Si legge: “Visto il DPCM 11 giugno 2020 Ulteriori disposizioni attuative del decreto-legge 25 marzo 2020, n. 19, recante misure urgenti per fronteggiare l’emergenza epidemiologica da COVID-19, e del decreto-legge 16 maggio 2020, n. 33, recante ulteriori misure urgenti per fronteggiare l’emergenza epidemiologica da COVID-19. (20A03194) (GU Serie Generale n.147 del 11-06-2020), con il quale alla lettera l) le attivita’ di sale giochi, sale scommesse e sale bingo sono consentite a condizione che le Regioni e le Province Autonome abbiano preventivamente accertato la compatibilità dello svolgimento delle suddette attività con l’andamento della situazione epidemiologica nei propri territori e che individuino i protocolli o le linee guida applicabili idonei a prevenire o ridurre il rischio di contagio nel settore di riferimento o in settori analoghi; detti protocolli o linee guida sono adottati dalle regioni o dalla Conferenza delle regioni e delle province autonome nel rispetto dei principi contenuti nei protocolli o nelle linee guida nazionali e comunque in coerenza con i criteri di cui all’allegato 10;

Preso atto dell’Ordinanza del Presidente della Regione Lazio 13 giugno 2020, n. Z00047 Ulteriori misure per la prevenzione e gestione dell’emergenza epidemiologica da COVID-2019. Aggiornamento delle Linee Guida inerenti la riapertura delle attività economiche, produttive e sociali. Ordinanza ai sensi dell’articolo 32, comma 3 della legge 23 dicembre 1978, n. 833 in materia di igiene e sanità pubblica, con la quale viene definita al punto ⎯ b. a decorrere dal 1° luglio 2020 sono consentite anche le attività di ballo all’aperto, nonché le attività di sale giochi, sale scommesse e sale bingo. Le attività di cui al presente punto si svolgono assicurando il rispetto della distanza interpersonale di almeno un metro sia per il personale, sia per i partecipanti che non siano abitualmente conviventi, con il numero massimo di 1000 partecipanti all’aperto e di 200 in luoghi chiusi, per ogni singola sala.
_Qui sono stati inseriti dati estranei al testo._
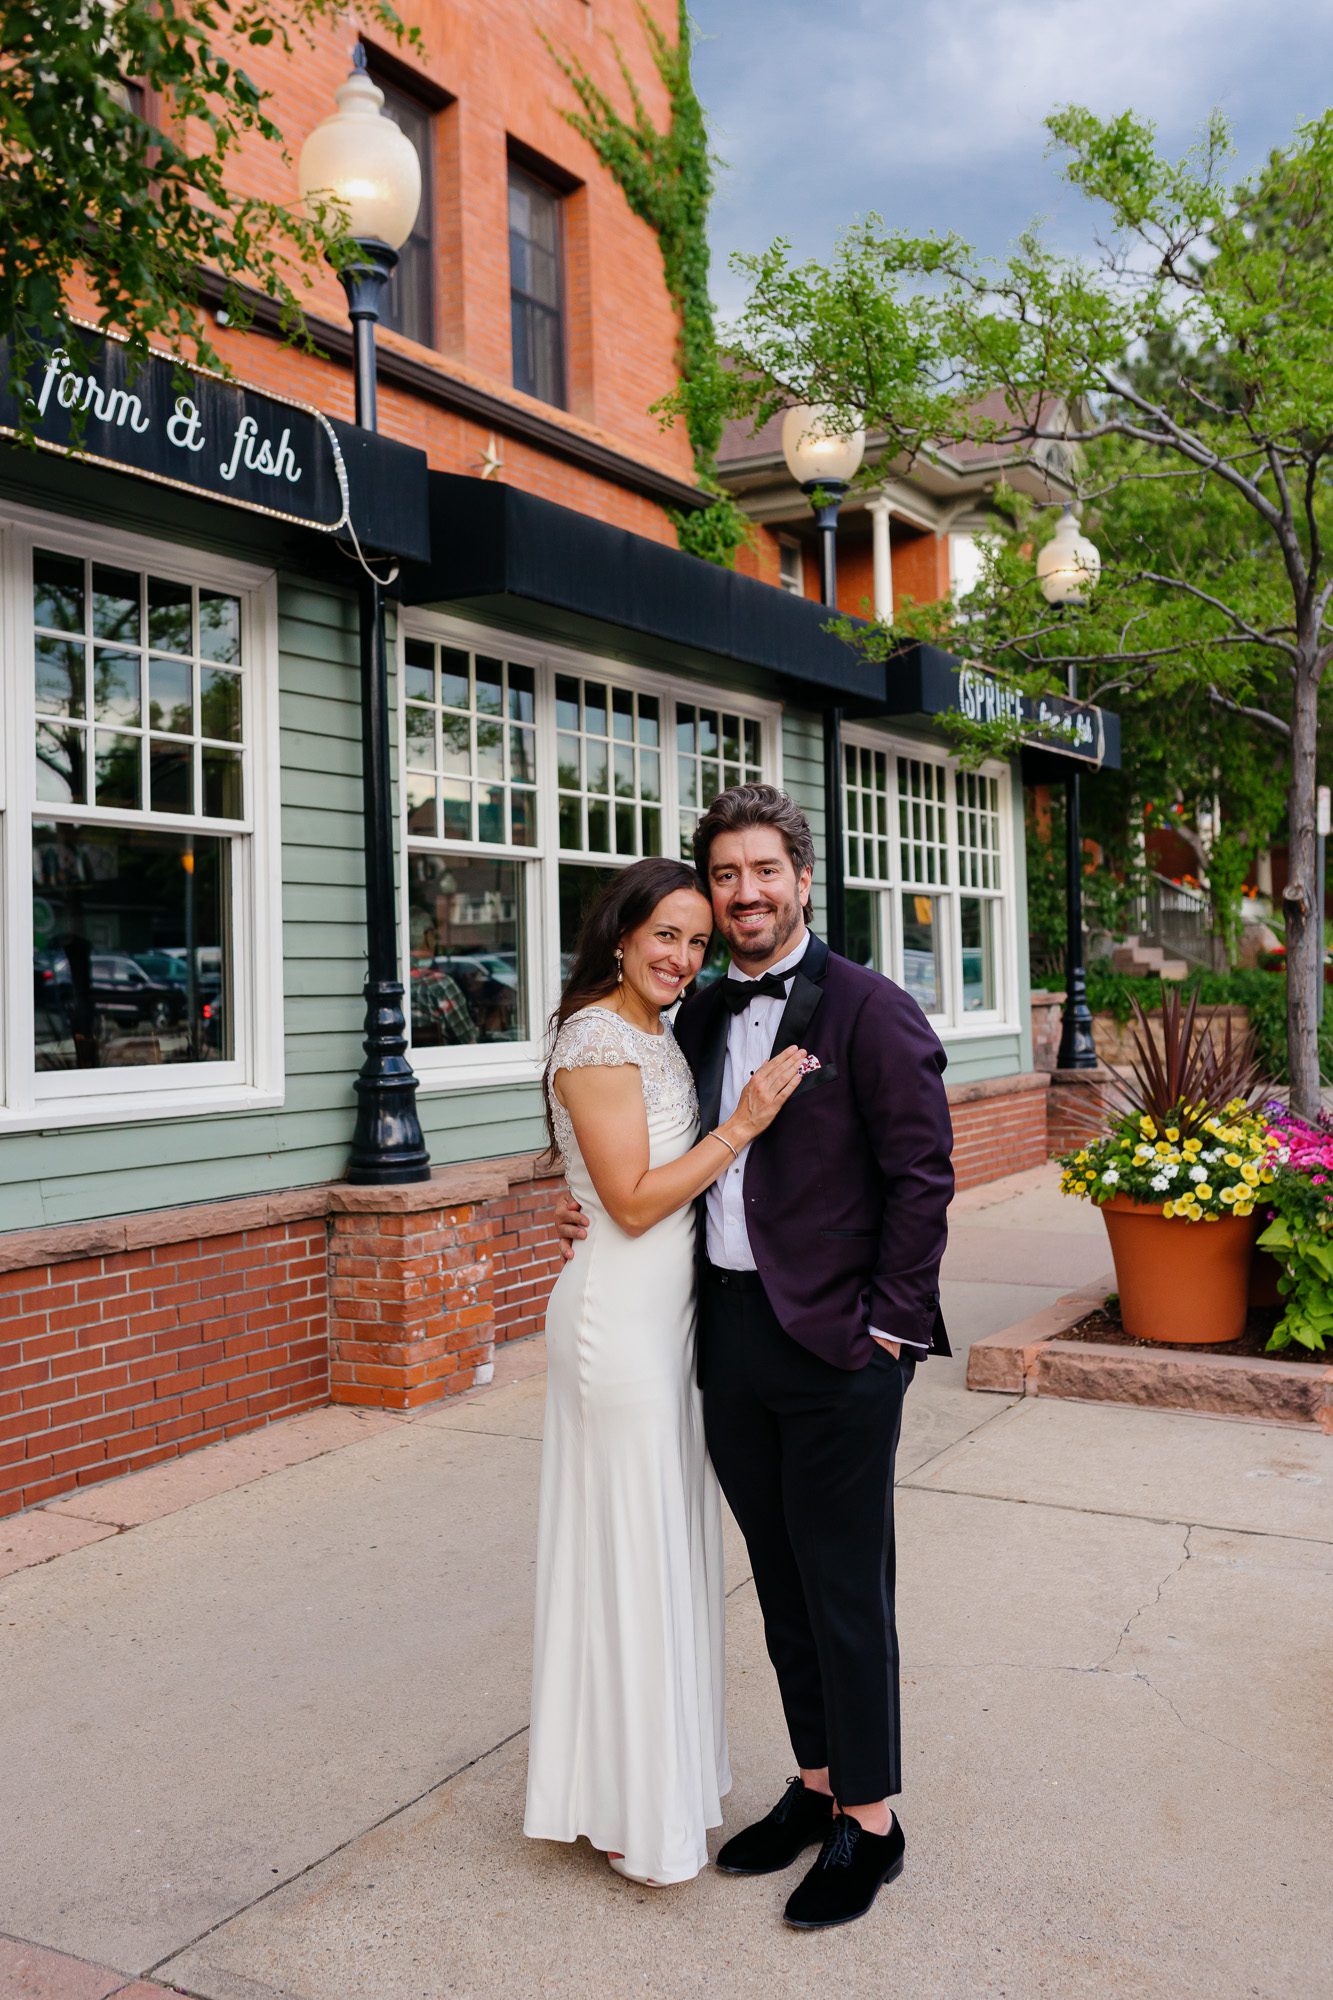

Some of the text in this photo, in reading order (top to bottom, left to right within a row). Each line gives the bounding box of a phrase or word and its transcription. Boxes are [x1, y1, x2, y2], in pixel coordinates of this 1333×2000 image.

Considerato che nel Lazio il settore slot e Vlt dà lavoro a 1256 persone, impiegate nelle sedi delle società e nelle sale giochi. I dati, aggiornati al 30 settembre 2018, si riferiscono al solo “comparto diretto” e non tengono conto né dell’indotto, né degli esercizi in cui gli apparecchi di gioco non rappresentano l’attività principale, che portano il totale stimabile a circa 8000. In termini assoluti, il Lazio è la seconda regione italiana per occupati nel settore (dopo la Lombardia), ed è al secondo posto (stavolta dopo il Veneto), anche considerando il rapporto tra numero di addetti e popolazione. Nel dettaglio, figurano 21,3 occupati su 100 mila abitanti. A livello provinciale, Roma figura al diciassettesimo posto in Italia come tasso di occupazione nel settore, con 22,9 addetti su 100 mila abitanti. Il primato nel Lazio è di Frosinone, a 27,5; Viterbo è all’altro capo della graduatoria, con 9,7. (Dato fornito nel “Percorso di Studio sul settore dei giochi in Italia realizzato dalla Cgia di Mestre in collaborazione con l’associazione Astro)”.